Retype each entry verbatim. Do not include the images.

*** Opening RECORDS FOR THIS TASK ***

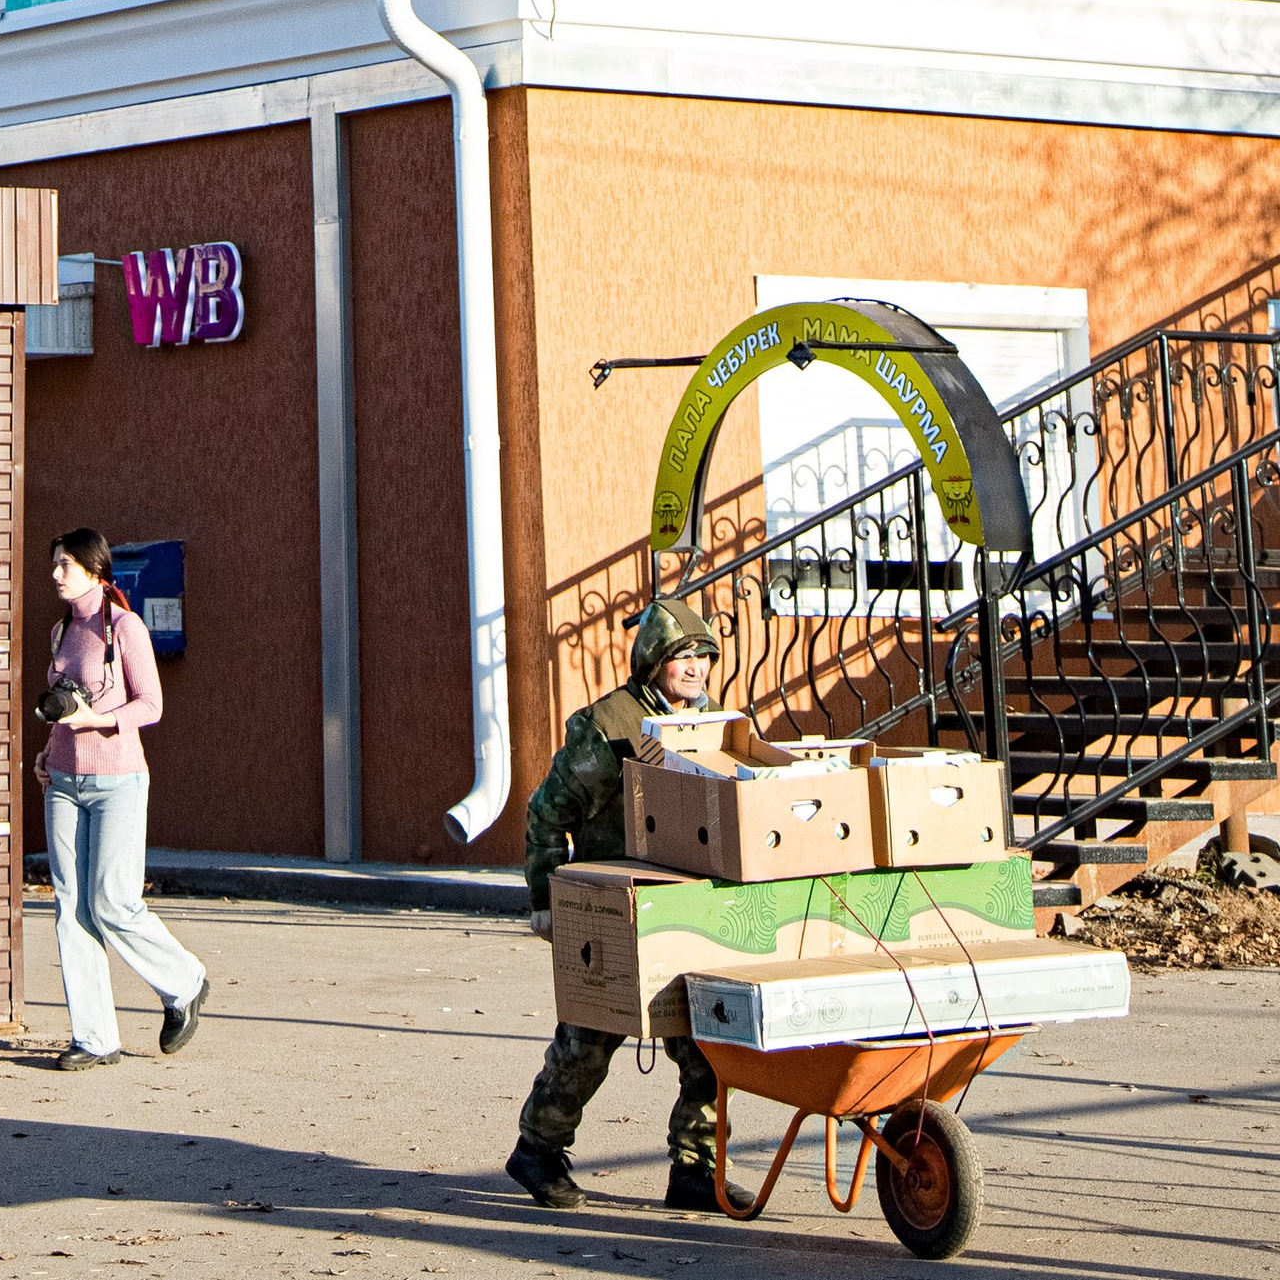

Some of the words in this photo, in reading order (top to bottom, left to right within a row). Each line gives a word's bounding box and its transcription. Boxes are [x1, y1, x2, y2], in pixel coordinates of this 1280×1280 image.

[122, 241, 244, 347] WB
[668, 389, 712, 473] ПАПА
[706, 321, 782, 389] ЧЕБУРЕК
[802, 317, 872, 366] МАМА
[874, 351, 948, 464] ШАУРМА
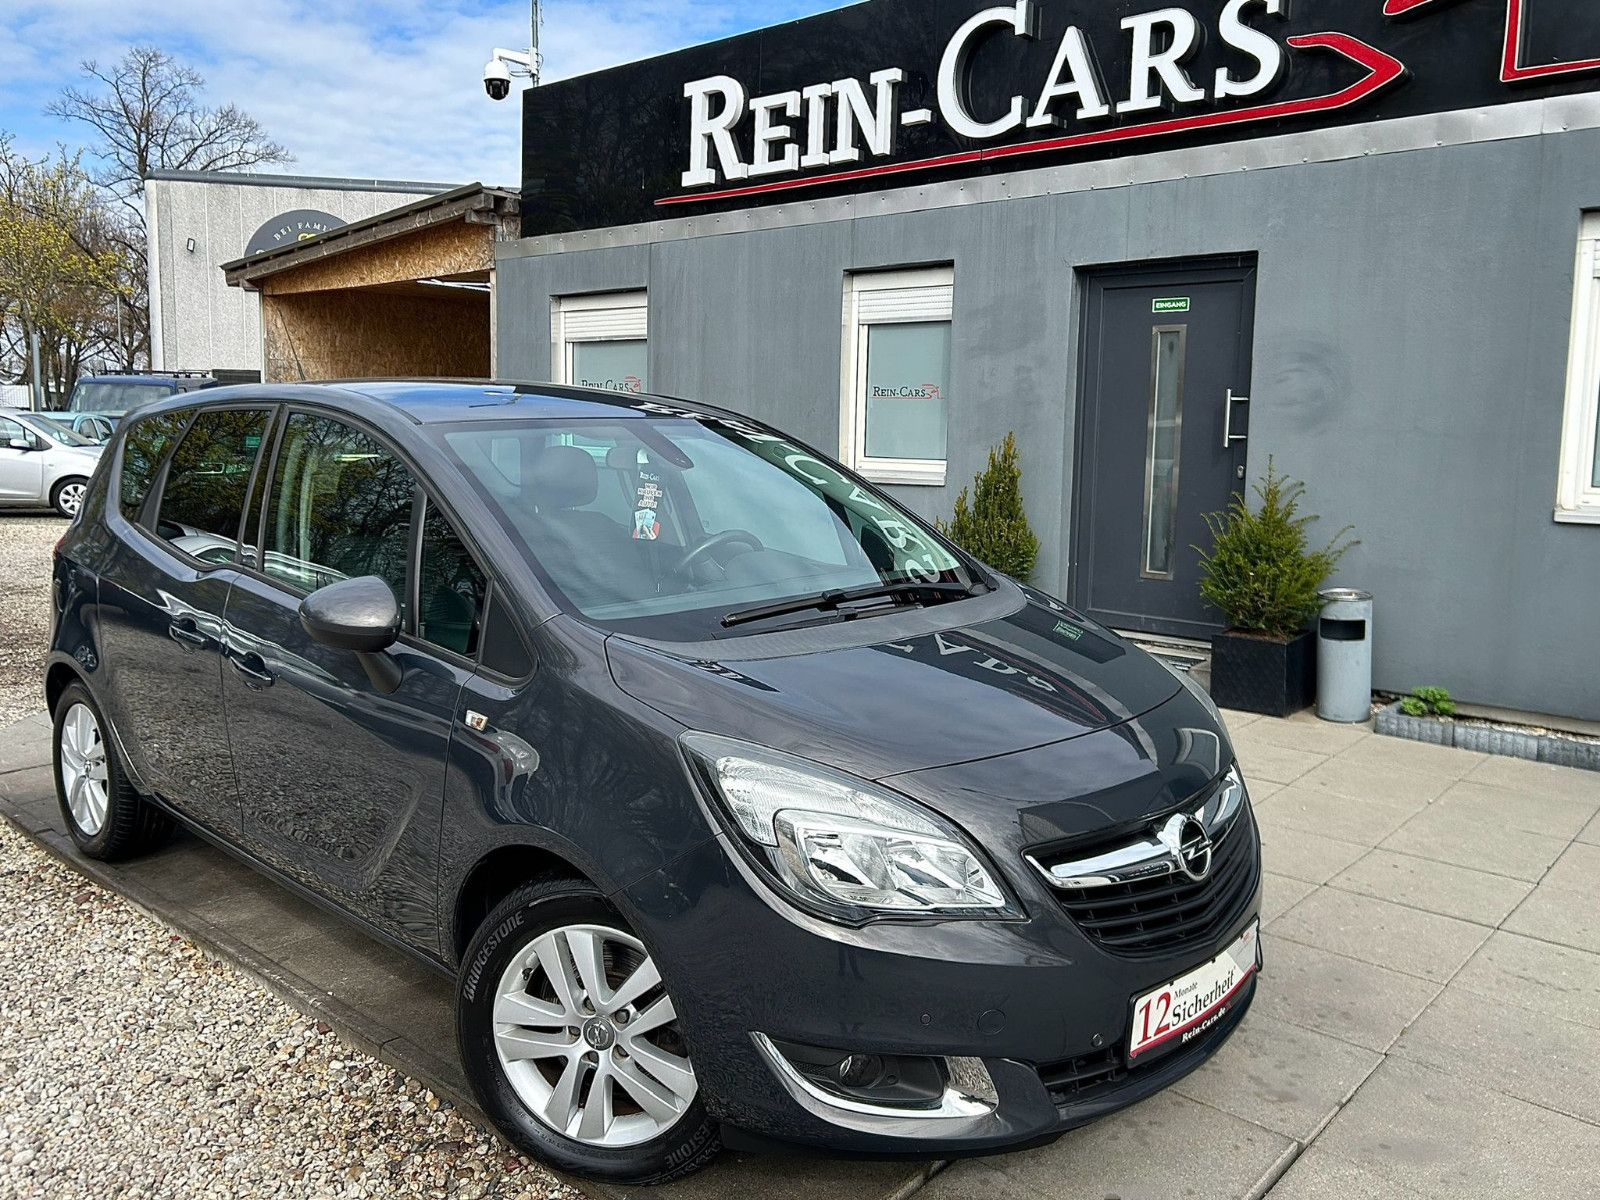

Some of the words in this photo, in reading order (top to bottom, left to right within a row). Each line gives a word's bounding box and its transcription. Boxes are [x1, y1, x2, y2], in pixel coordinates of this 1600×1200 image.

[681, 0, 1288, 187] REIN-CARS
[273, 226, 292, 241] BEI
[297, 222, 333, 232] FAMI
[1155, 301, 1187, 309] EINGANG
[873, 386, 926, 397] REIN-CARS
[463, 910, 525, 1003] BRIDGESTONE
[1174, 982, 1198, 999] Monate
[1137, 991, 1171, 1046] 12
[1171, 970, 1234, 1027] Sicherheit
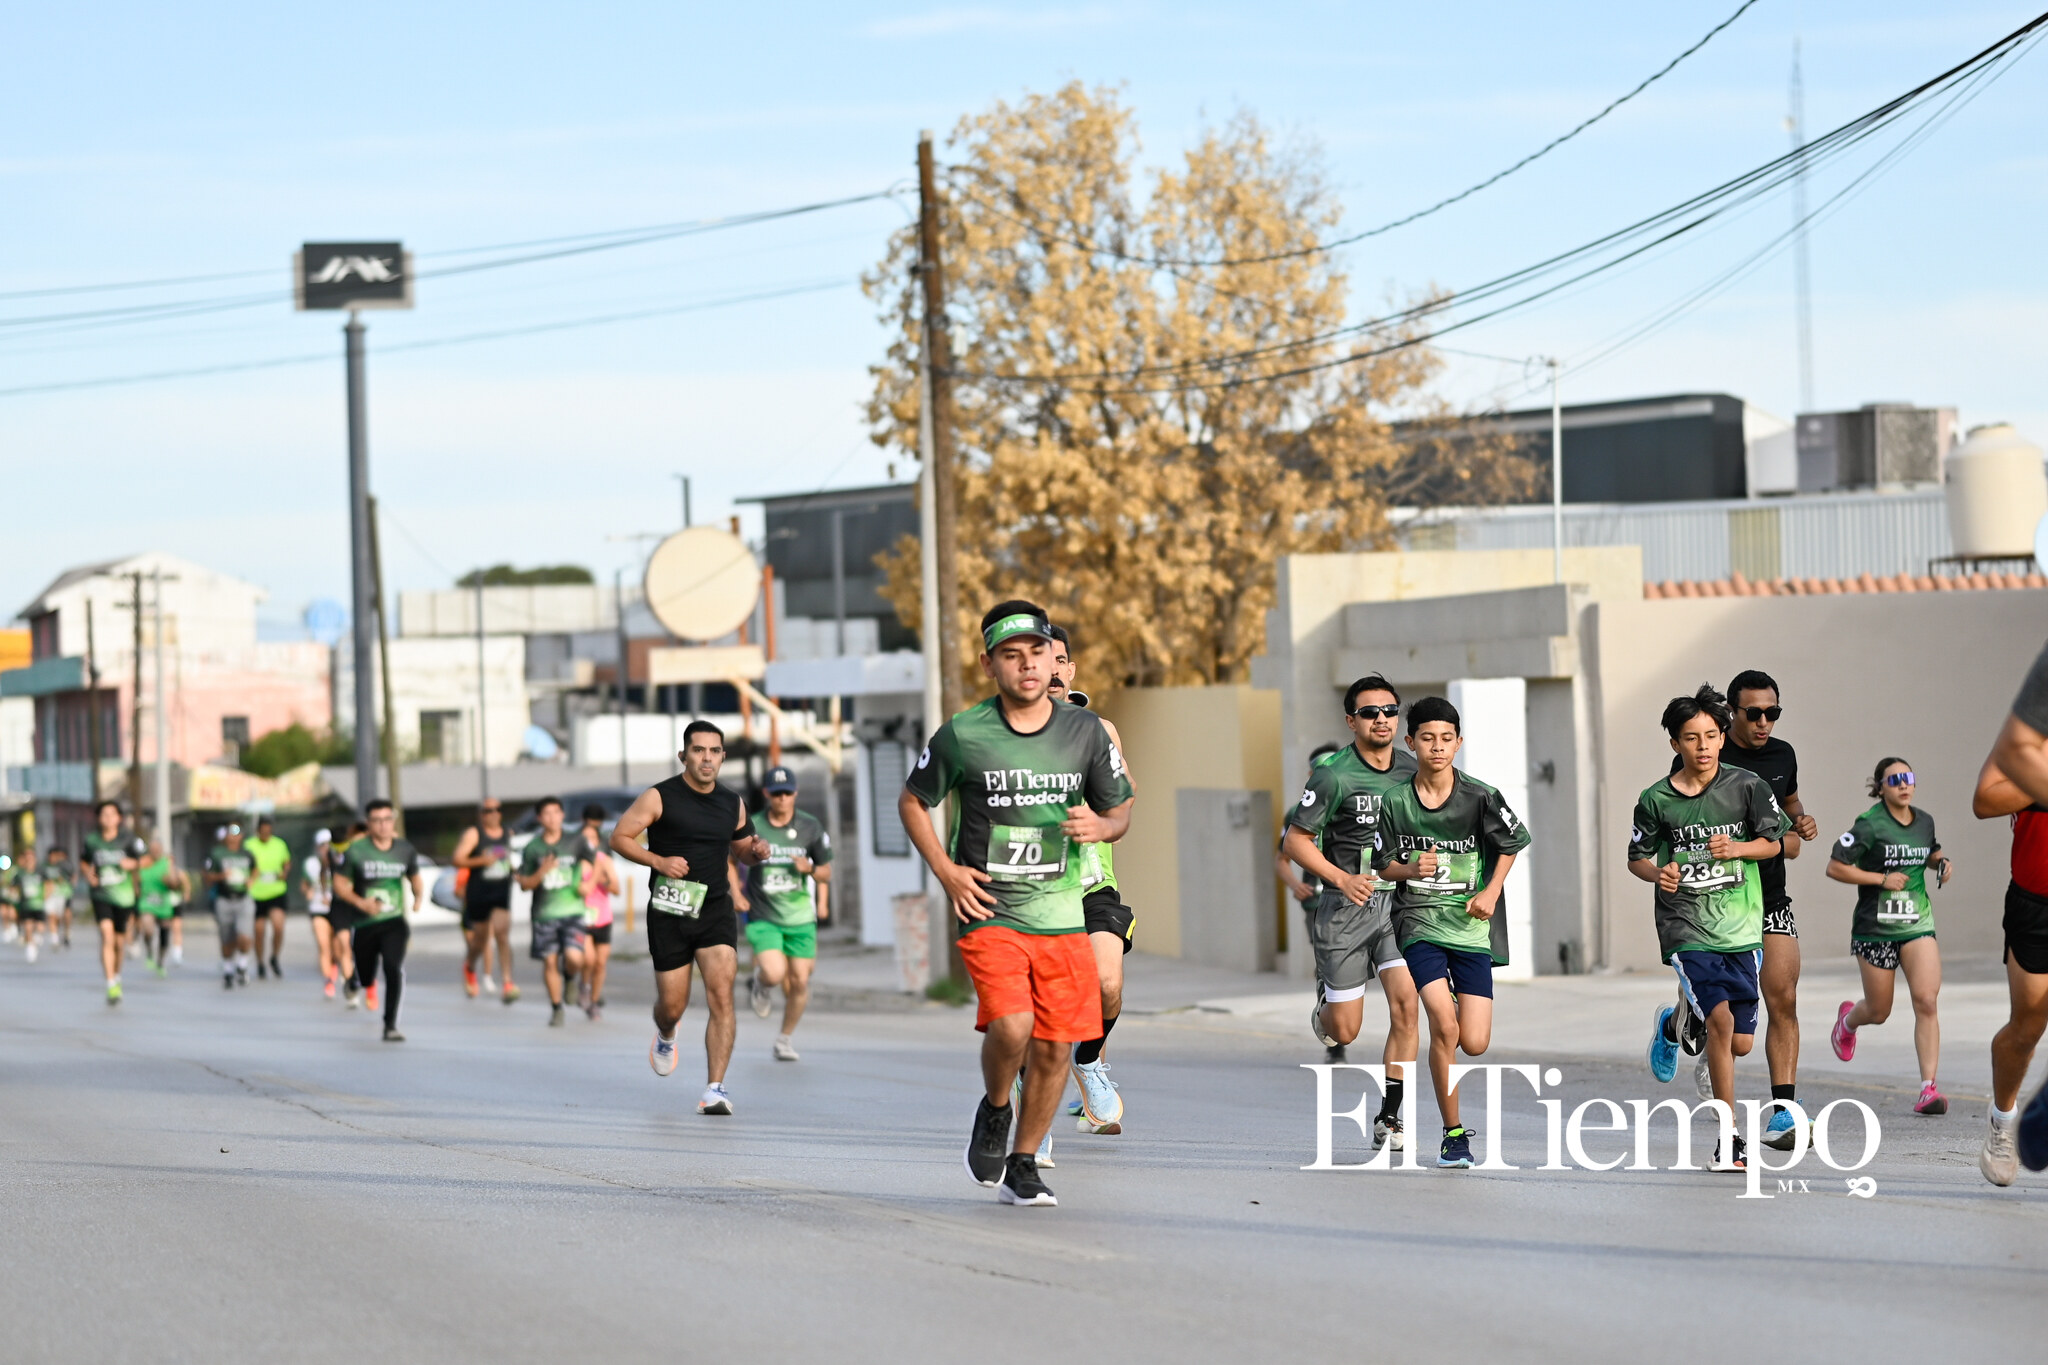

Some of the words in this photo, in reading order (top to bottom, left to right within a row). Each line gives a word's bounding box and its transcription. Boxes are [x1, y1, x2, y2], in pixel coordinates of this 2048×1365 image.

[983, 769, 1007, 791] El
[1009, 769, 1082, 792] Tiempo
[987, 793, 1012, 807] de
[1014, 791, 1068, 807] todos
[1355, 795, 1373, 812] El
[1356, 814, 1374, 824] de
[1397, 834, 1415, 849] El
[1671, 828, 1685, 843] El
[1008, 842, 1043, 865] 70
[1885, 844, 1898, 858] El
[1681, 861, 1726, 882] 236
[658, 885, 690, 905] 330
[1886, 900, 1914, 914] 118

*** Closing RECORDS FOR THIS TASK ***

**EXERCISE RESULT**
Some of the words in this photo, in reading order (top to bottom, left to right within a row). Each line gives a word's bounding box and its transcription. Boxes are [x1, y1, x2, y2], in pixel coordinates of this 1280×1280 image.

[122, 241, 244, 347] WB
[668, 389, 712, 473] ПАПА
[706, 321, 782, 389] ЧЕБУРЕК
[802, 317, 872, 366] МАМА
[874, 351, 948, 464] ШАУРМА

Some of the words in this photo, in reading order (top to bottom, left to right within a row). Each line gives a word's bounding box and its transcription. Boxes are [x1, y1, x2, y2], in pixel coordinates of this 1600×1200 image.

[681, 0, 1288, 187] REIN-CARS
[273, 226, 292, 241] BEI
[297, 222, 333, 232] FAMI
[1155, 301, 1187, 309] EINGANG
[873, 386, 926, 397] REIN-CARS
[463, 910, 525, 1003] BRIDGESTONE
[1174, 982, 1198, 999] Monate
[1137, 991, 1171, 1046] 12
[1171, 970, 1234, 1027] Sicherheit

Some of the words in this photo, in reading order (top to bottom, left to right within a row). Each line gives a word's bounding box and its transcription. Boxes are [x1, y1, x2, y2], in pixel coordinates of this 2048×1365 image.

[983, 769, 1007, 791] El
[1009, 769, 1082, 792] Tiempo
[987, 793, 1012, 807] de
[1014, 791, 1068, 807] todos
[1355, 795, 1373, 812] El
[1356, 814, 1374, 824] de
[1397, 834, 1415, 849] El
[1671, 828, 1685, 843] El
[1008, 842, 1043, 865] 70
[1885, 844, 1898, 858] El
[1681, 861, 1726, 882] 236
[658, 885, 690, 905] 330
[1886, 900, 1914, 914] 118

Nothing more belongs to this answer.